And one of the substantial problems we have, and it’s impossible then not to get into more jargon, which is one of the difficulties, is that the predominant negative emissions technology is carbon capture and storage. Which is a way of sucking, supposedly sucking, huge amounts of carbon out of the atmosphere. And we don’t have examples of that at scale. So, it’s a great idea but I have been hearing about carbon capture and storage for probably 20 years now. And I am afraid I describe it as the imaginary friend in the environment movement because we have no examples of it delivering at scale. It’s very expensive currently, and it’s also quite carbon intensive.
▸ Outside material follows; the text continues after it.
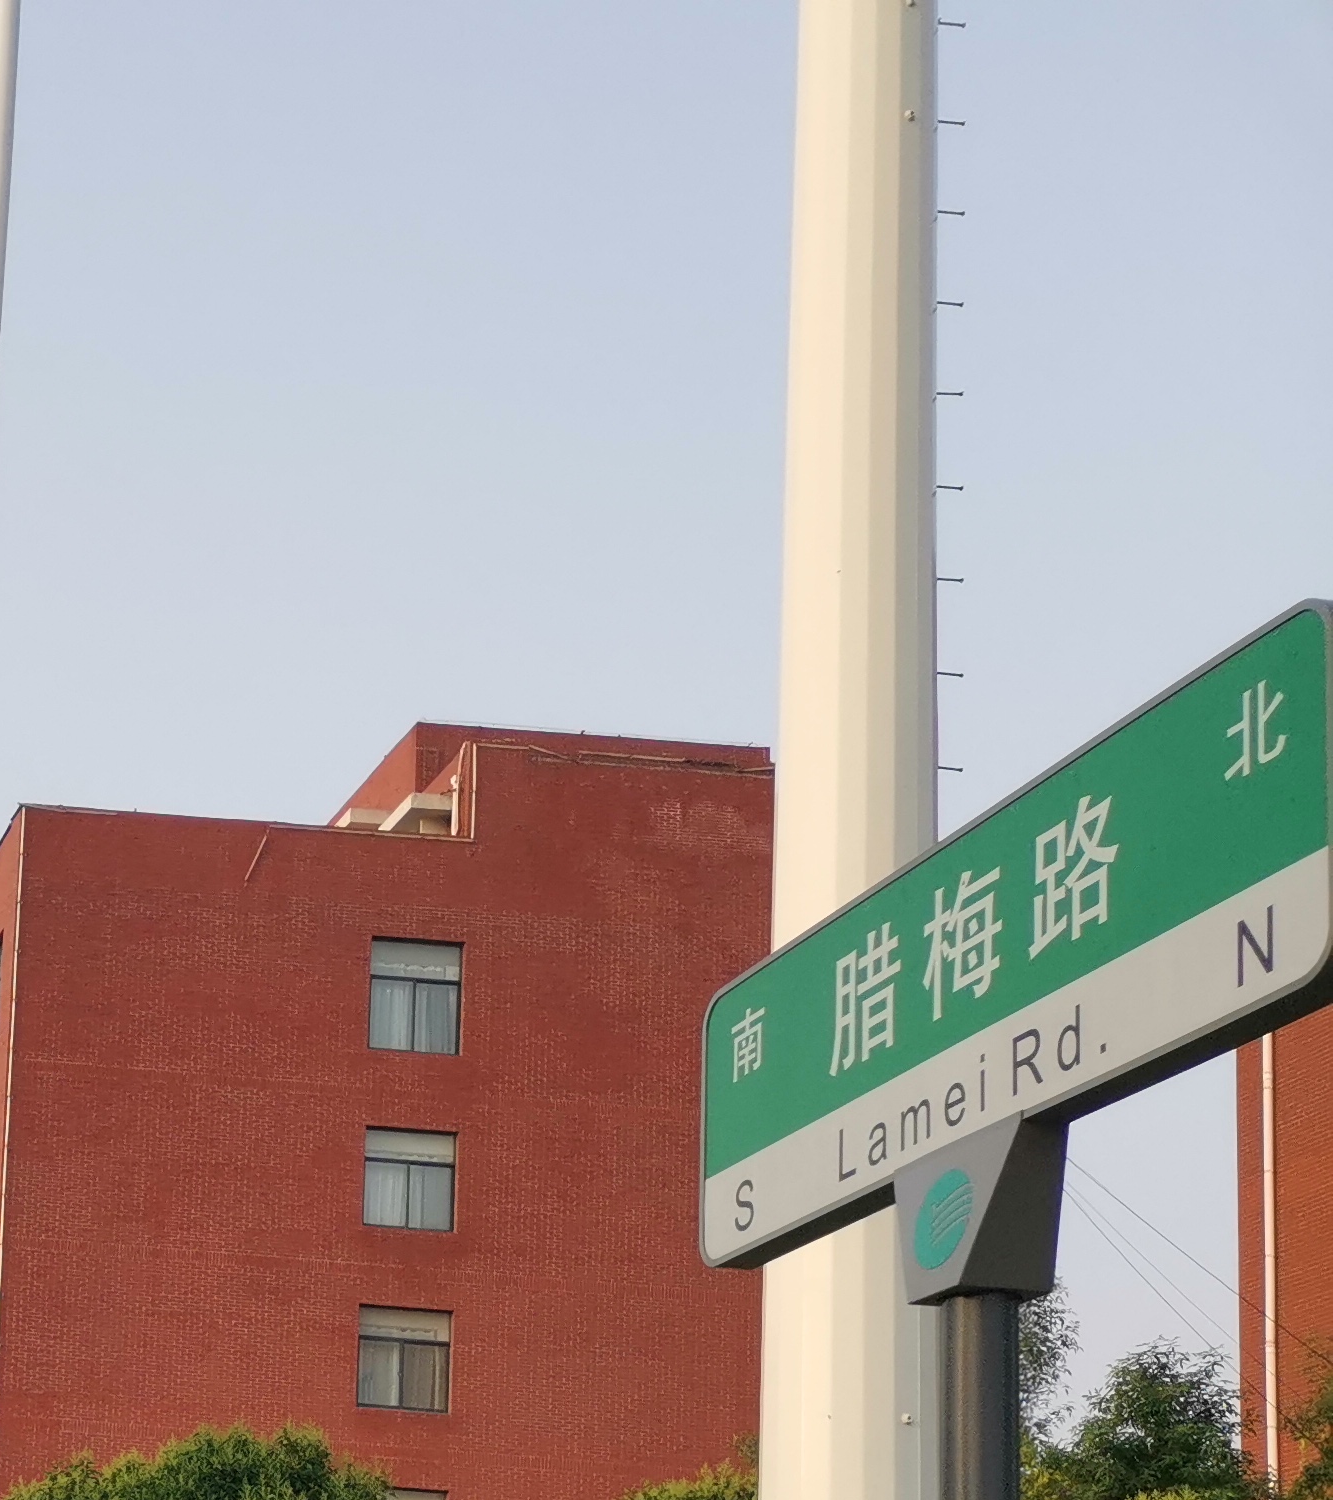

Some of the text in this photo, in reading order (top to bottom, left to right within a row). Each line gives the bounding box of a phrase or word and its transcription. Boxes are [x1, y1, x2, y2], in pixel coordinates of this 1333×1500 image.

So yeah, I think it would have to be net zero really.

Because It’s confusing for a lot of people who are starting to engage on climate change. But also within the kind of climate sector, it represents wishful thinking. I think. 

Kaska Hempel: Do you have an idea of a term that should replace it?

Rebecca Gibbs: We need to do is get to a point where we are living with as little carbon as possible or emitting as little carbon as possible. And this is in some bits of thinking around climate change. This is quite an unfashionable idea because it involves changing what we’re doing quite a lot.

And I think if you go back to the 1970s and you start to look at what we need to do to avoid serious runaway climate change, we could have done quite incremental stuff. But I think now the only options we have are quite radical. And so, what would I replace it with? Well, I would replace “net zero” with “not zero” so that people can understand that it’s not zero. And I think probably what we would need to replace it with is “zero”. And then we would need to be honest about what we’re trying to do.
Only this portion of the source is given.